* [Supplied data]:

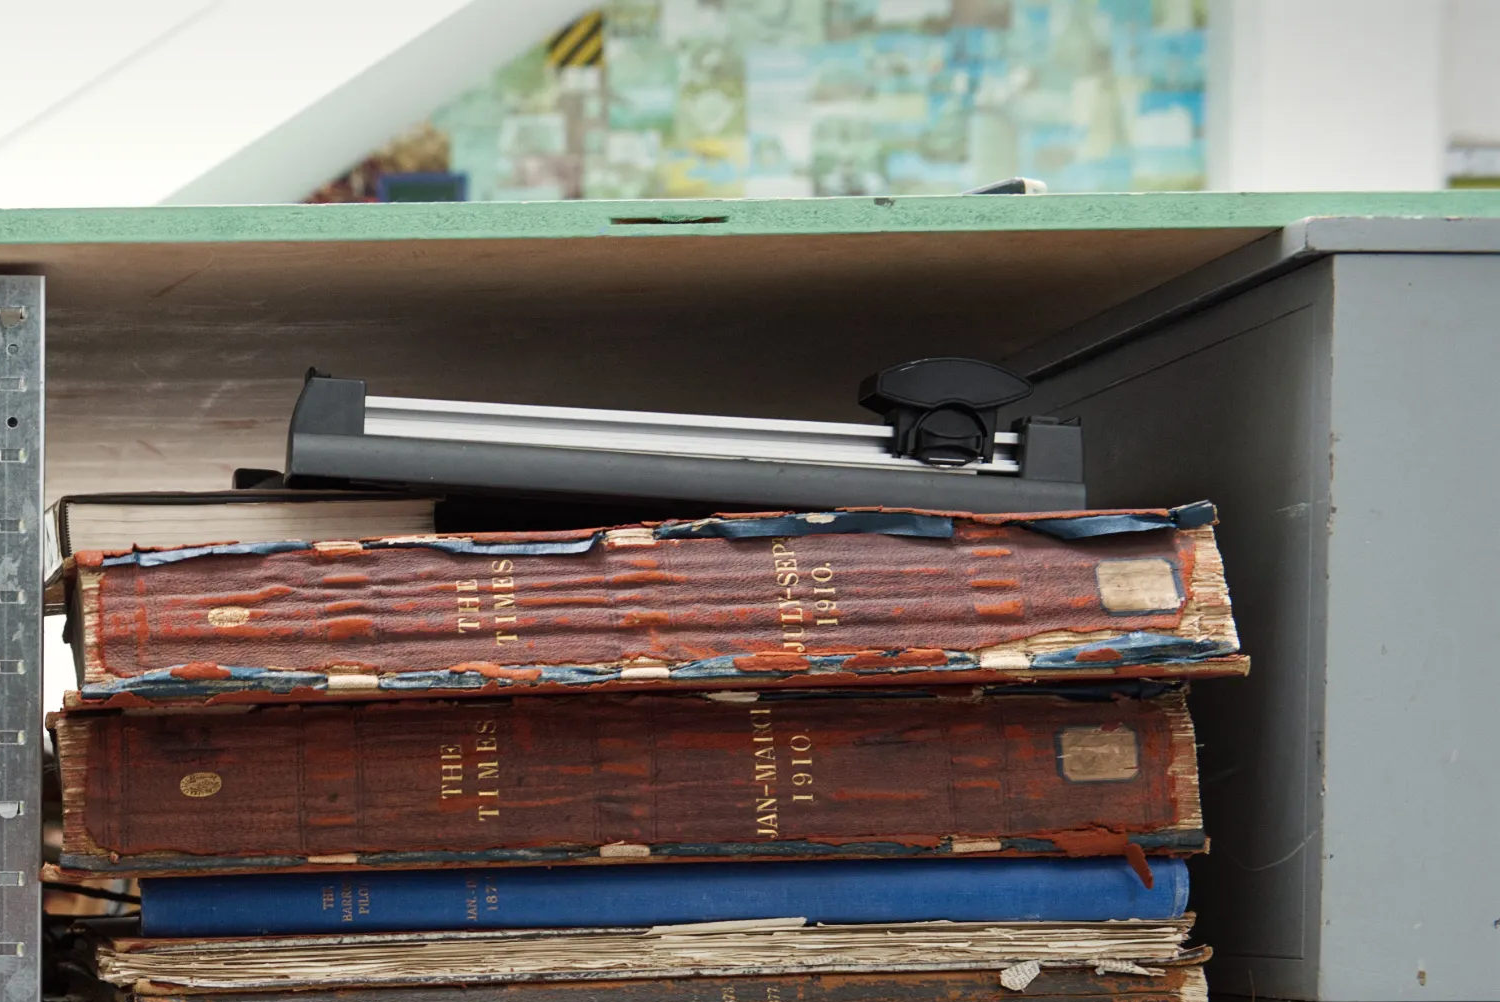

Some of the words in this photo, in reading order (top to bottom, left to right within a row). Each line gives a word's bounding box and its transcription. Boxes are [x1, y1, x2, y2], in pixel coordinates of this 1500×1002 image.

[456, 579, 480, 634] THE
[491, 559, 519, 646] TIMES
[440, 743, 463, 800] THE
[475, 720, 500, 821] TIMES
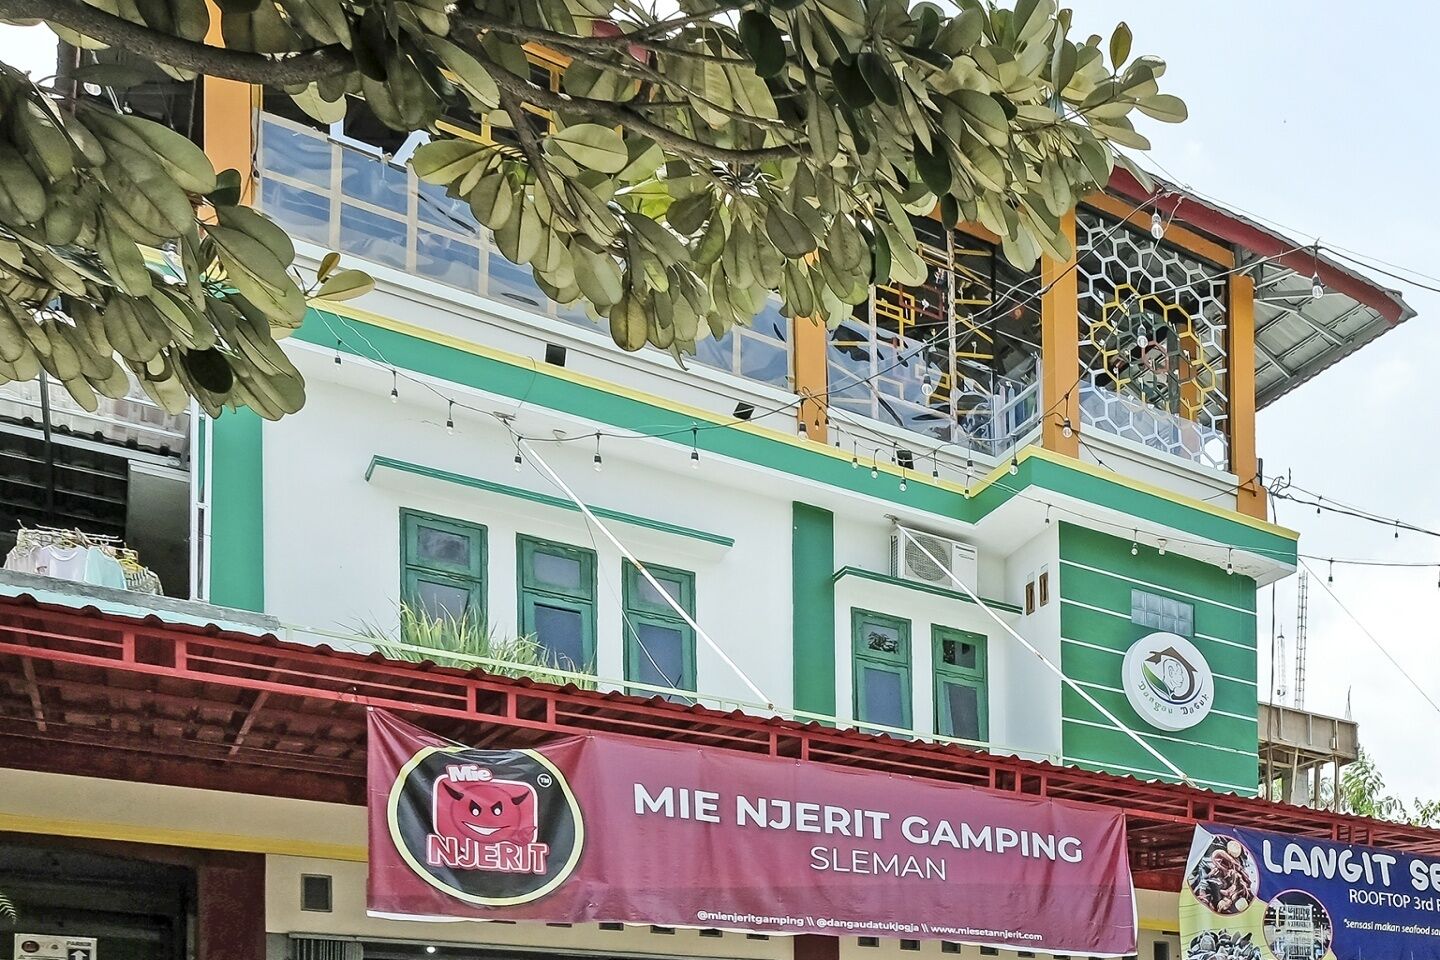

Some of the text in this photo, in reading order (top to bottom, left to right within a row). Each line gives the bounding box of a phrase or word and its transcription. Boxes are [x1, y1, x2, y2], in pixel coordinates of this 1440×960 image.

[447, 765, 493, 782] Mie
[633, 783, 1083, 864] MIE NJERIT GAMPING
[426, 833, 549, 876] NJERIT
[809, 846, 947, 882] SLEMAN
[1262, 839, 1396, 887] LANGIT
[1349, 888, 1411, 909] ROOFTOP
[1413, 896, 1434, 912] 3rd
[1374, 921, 1400, 932] makan
[1401, 924, 1431, 935] seafood
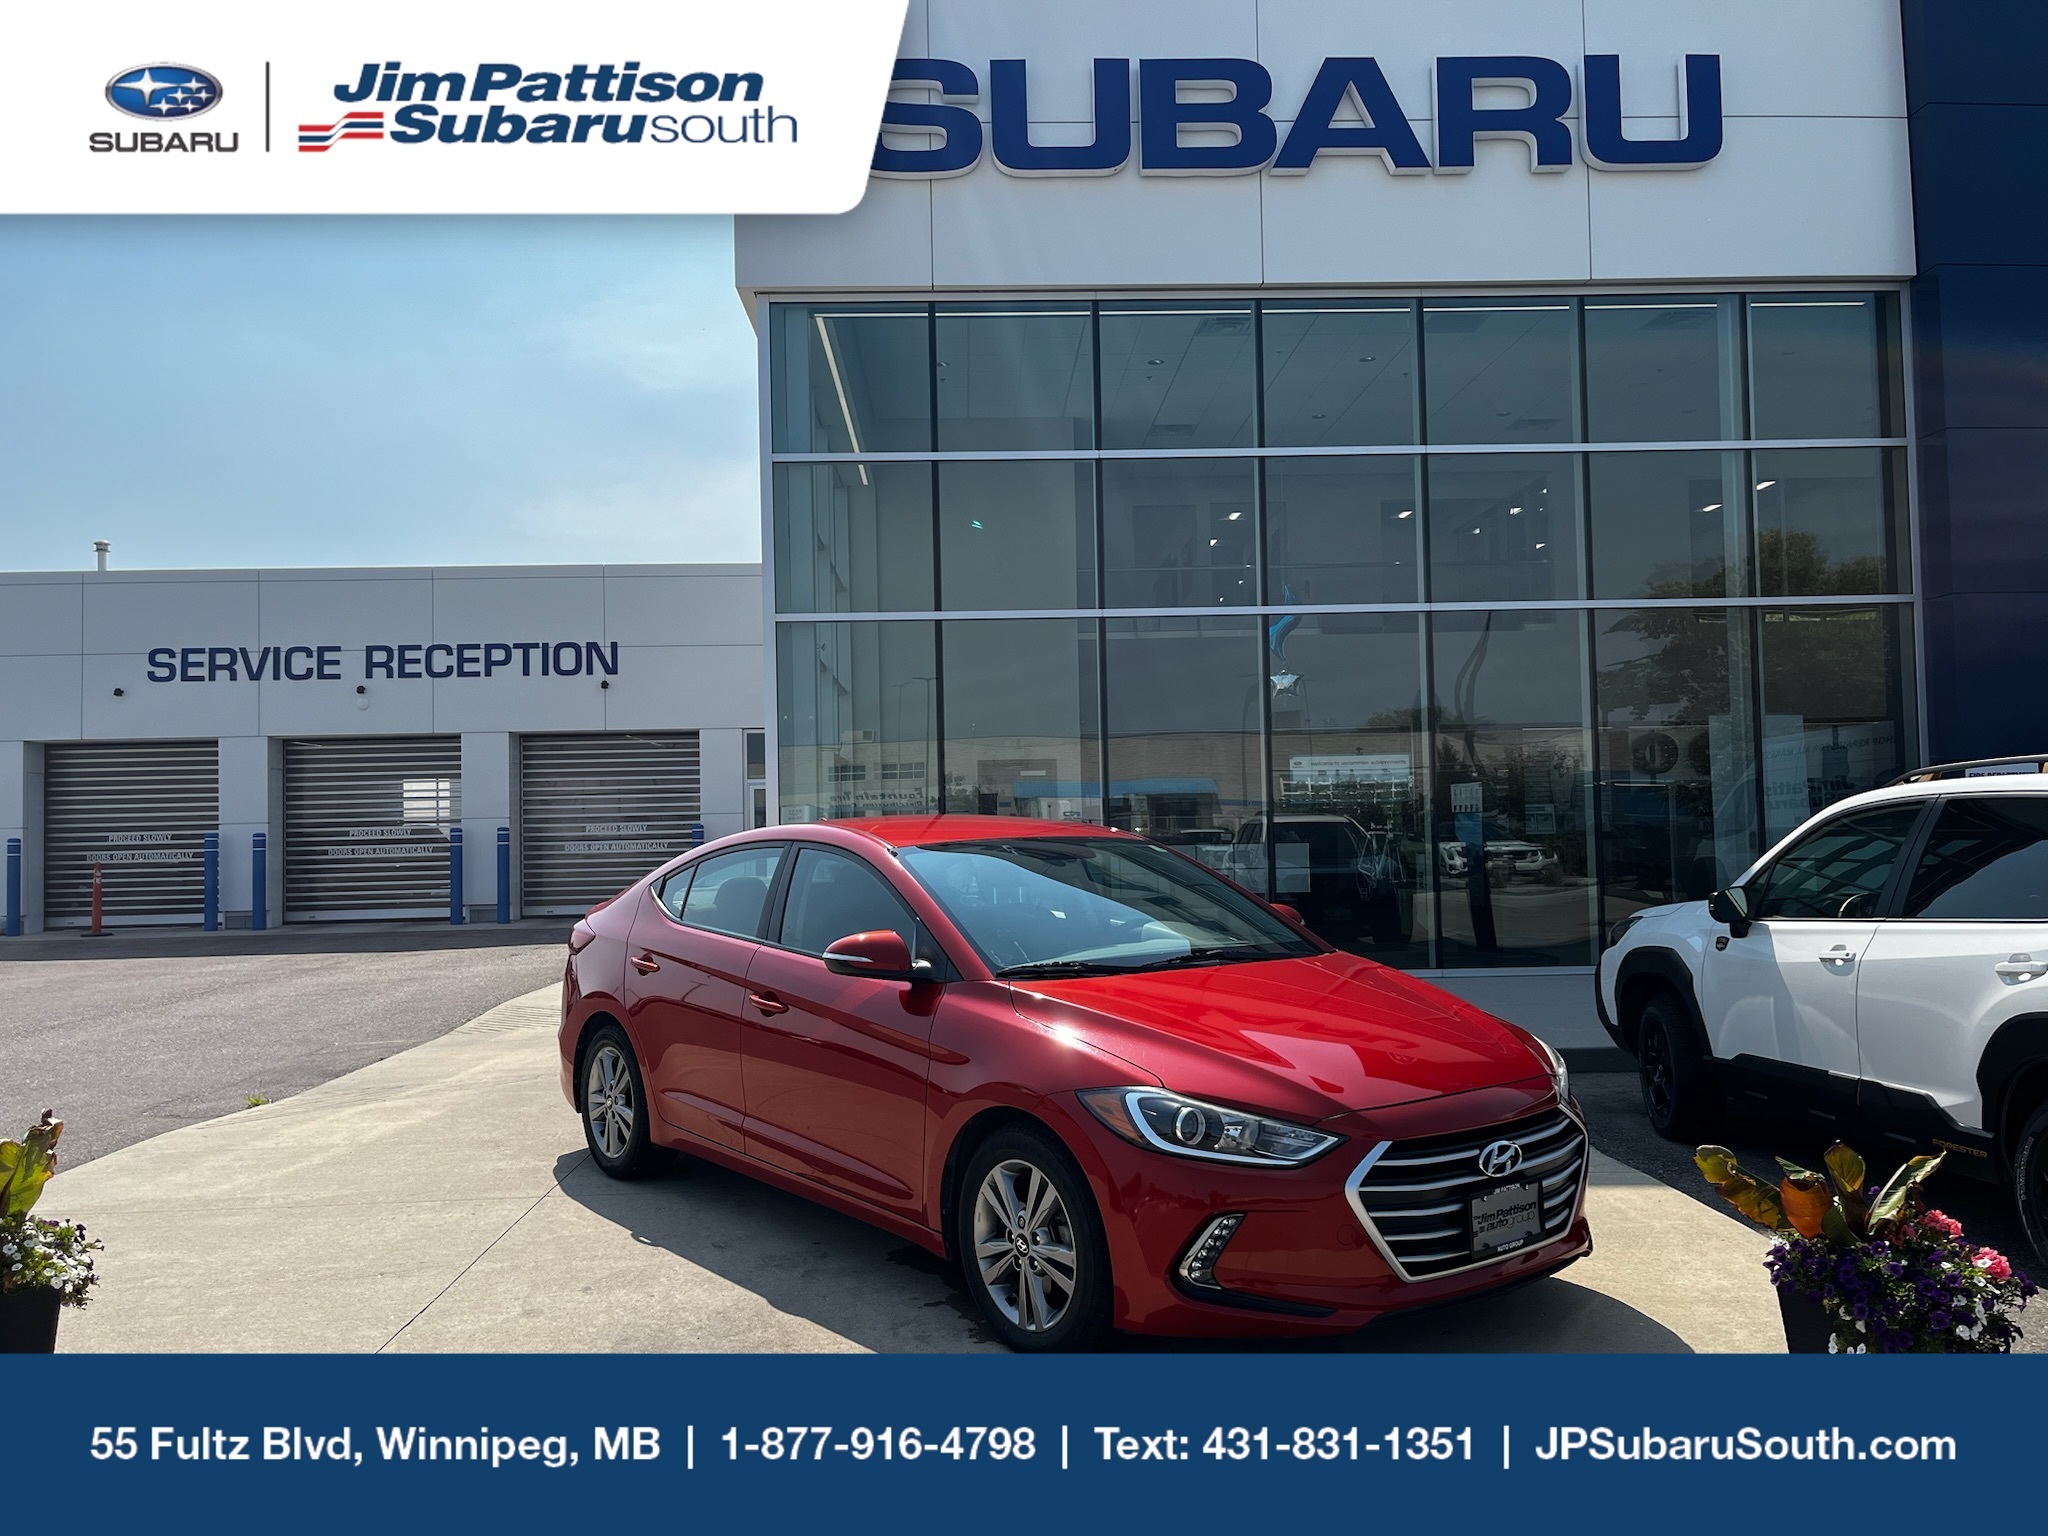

* [Exercise]: Reproduce the records above exactly, excluding every picture.

* [Reply]:
Some of the words in this photo, in reading order (top to bottom, left to right within a row). Each line gives a word's bounding box and its transcription. Boxes are [x1, y1, x2, y2], in pixel coordinates of this 1500×1002 image.

[456, 579, 480, 634] THE
[491, 559, 519, 646] TIMES
[440, 743, 463, 800] THE
[475, 720, 500, 821] TIMES

Some of the text in this photo, in reading order (top to bottom, left to right within a row). Each line gives the bounding box of a phrase or word and its transcription. Boxes are [x1, y1, x2, y2], in pixel coordinates of this 1440×960 image.

[447, 765, 493, 782] Mie
[633, 783, 1083, 864] MIE NJERIT GAMPING
[426, 833, 549, 876] NJERIT
[809, 846, 947, 882] SLEMAN
[1262, 839, 1396, 887] LANGIT
[1349, 888, 1411, 909] ROOFTOP
[1413, 896, 1434, 912] 3rd
[1374, 921, 1400, 932] makan
[1401, 924, 1431, 935] seafood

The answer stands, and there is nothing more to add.